---------- Supplied material ----------
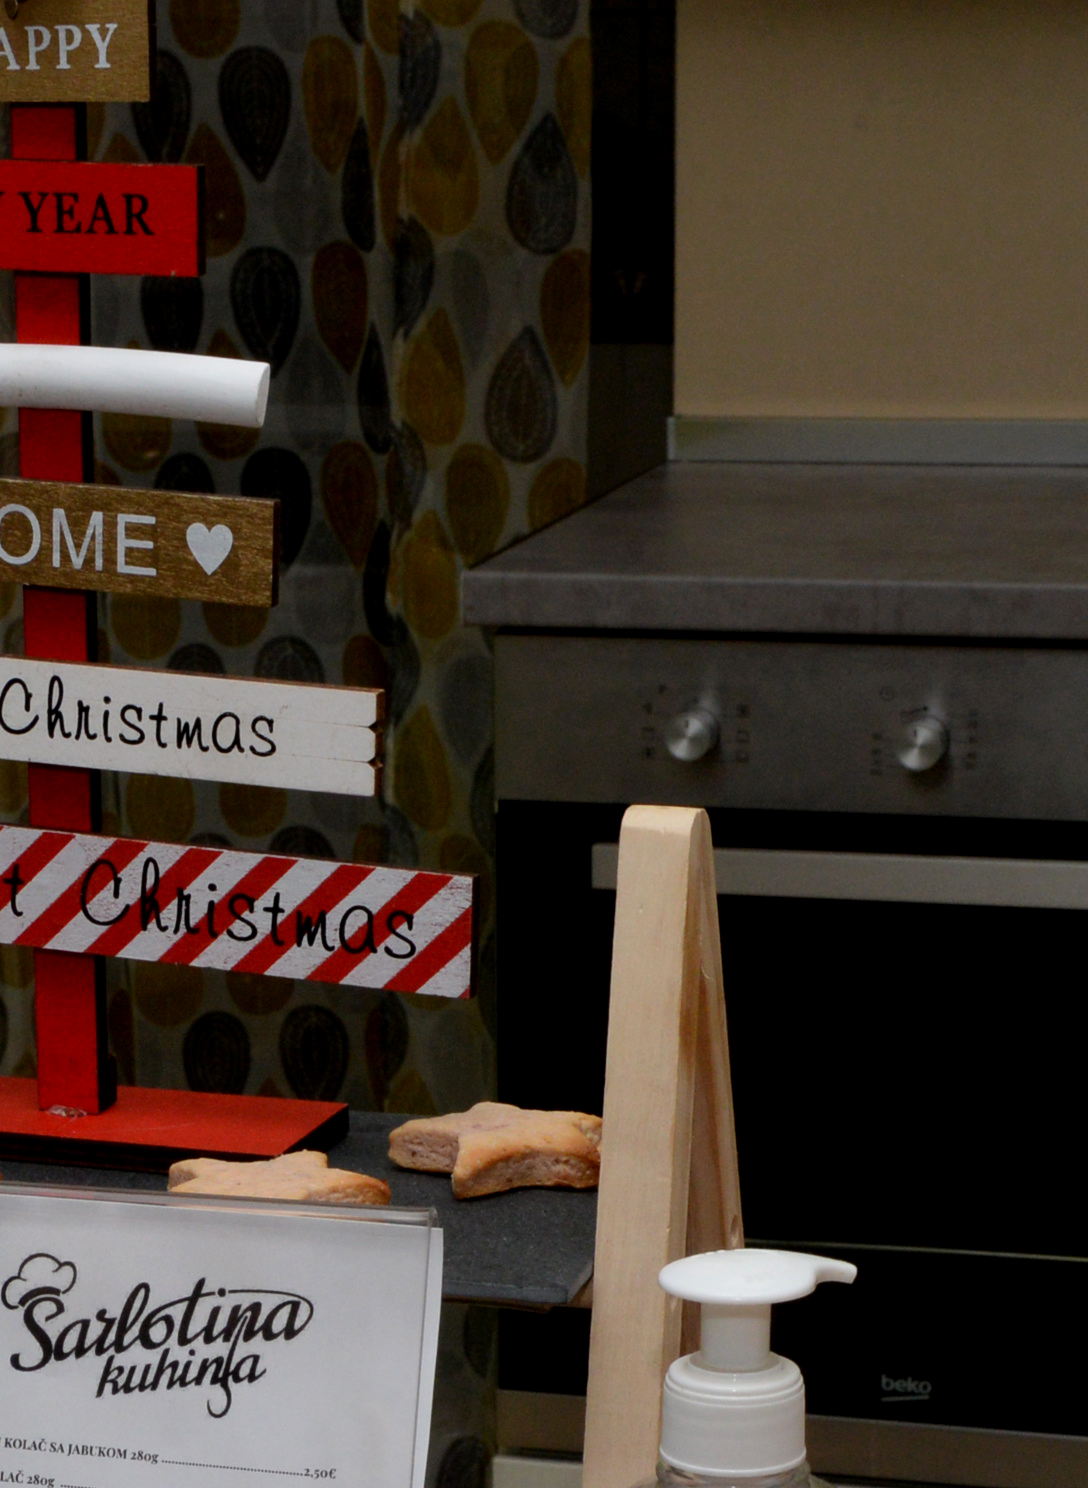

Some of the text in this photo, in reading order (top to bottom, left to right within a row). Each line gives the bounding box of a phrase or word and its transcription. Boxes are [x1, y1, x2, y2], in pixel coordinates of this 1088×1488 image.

[18, 191, 155, 236] YEAR
[79, 858, 417, 959] Christmas
[96, 1348, 266, 1418] kuhinja
[880, 1373, 933, 1394] beko
[3, 1437, 47, 1452] KOLAČ
[48, 1441, 65, 1454] SA
[66, 1443, 128, 1460] JABUKOM
[130, 1450, 160, 1465] 280g
[26, 1474, 56, 1488] 280g
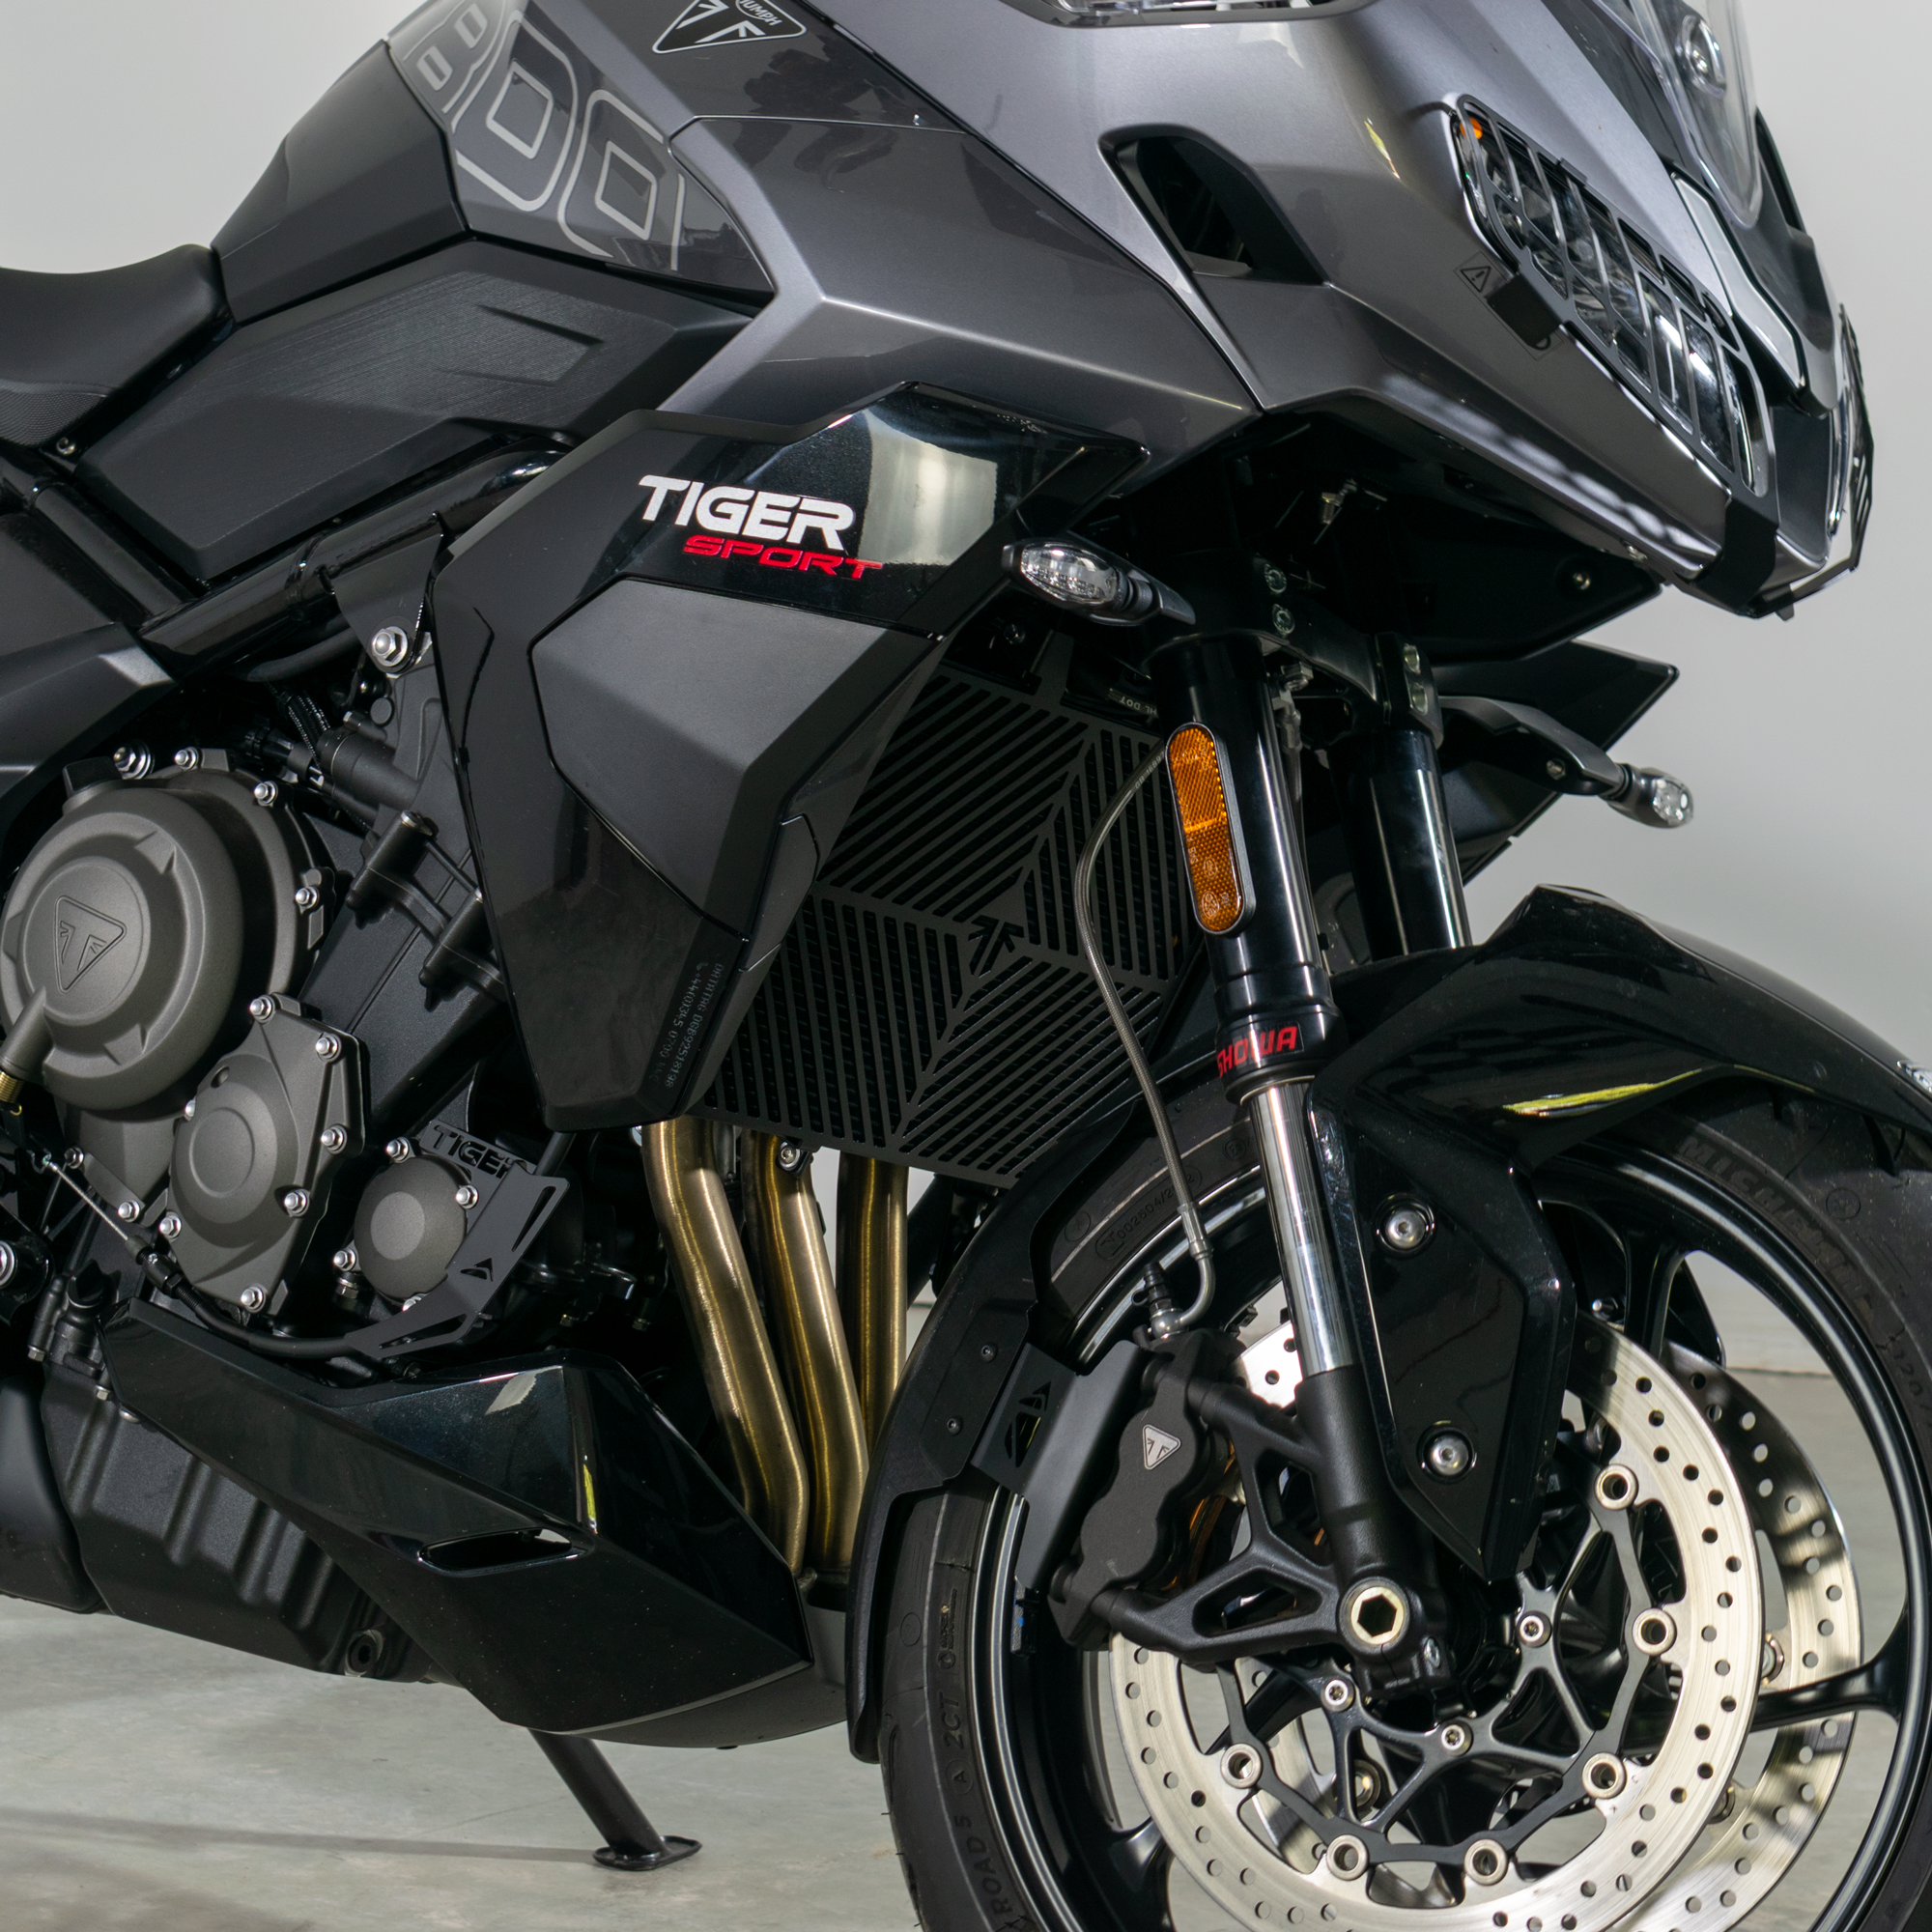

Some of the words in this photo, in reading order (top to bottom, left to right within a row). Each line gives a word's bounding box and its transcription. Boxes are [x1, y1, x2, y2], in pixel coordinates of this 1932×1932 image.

[739, 0, 782, 26] IUMPH
[639, 474, 856, 551] TIGER
[683, 534, 883, 580] SPORT
[1118, 695, 1141, 711] DOT
[696, 962, 724, 1012] DATATAG
[1217, 1025, 1297, 1078] SHOWA
[1677, 1134, 1866, 1301] MICHELIN
[939, 1690, 964, 1750] 2CT
[954, 1814, 973, 1829] 5
[966, 1835, 1013, 1916] ROAD
----------
Task details: Repeat the listing verbatim without its pictures.

Exercise result:
Some of the text in this photo, in reading order (top to bottom, left to right within a row). Each line gives the bounding box of a phrase or word and its transcription. Boxes are [x1, y1, x2, y2], in pixel coordinates of this 1088×1488 image.

[18, 191, 155, 236] YEAR
[79, 858, 417, 959] Christmas
[96, 1348, 266, 1418] kuhinja
[880, 1373, 933, 1394] beko
[3, 1437, 47, 1452] KOLAČ
[48, 1441, 65, 1454] SA
[66, 1443, 128, 1460] JABUKOM
[130, 1450, 160, 1465] 280g
[26, 1474, 56, 1488] 280g

Some of the words in this photo, in reading order (top to bottom, left to right within a row). Each line gives a word's bounding box and its transcription. Boxes are [x1, y1, x2, y2], in pixel coordinates of this 1932×1932 image.

[739, 0, 782, 26] IUMPH
[639, 474, 856, 551] TIGER
[683, 534, 883, 580] SPORT
[1118, 695, 1141, 711] DOT
[696, 962, 724, 1012] DATATAG
[1217, 1025, 1297, 1078] SHOWA
[1677, 1134, 1866, 1301] MICHELIN
[939, 1690, 964, 1750] 2CT
[954, 1814, 973, 1829] 5
[966, 1835, 1013, 1916] ROAD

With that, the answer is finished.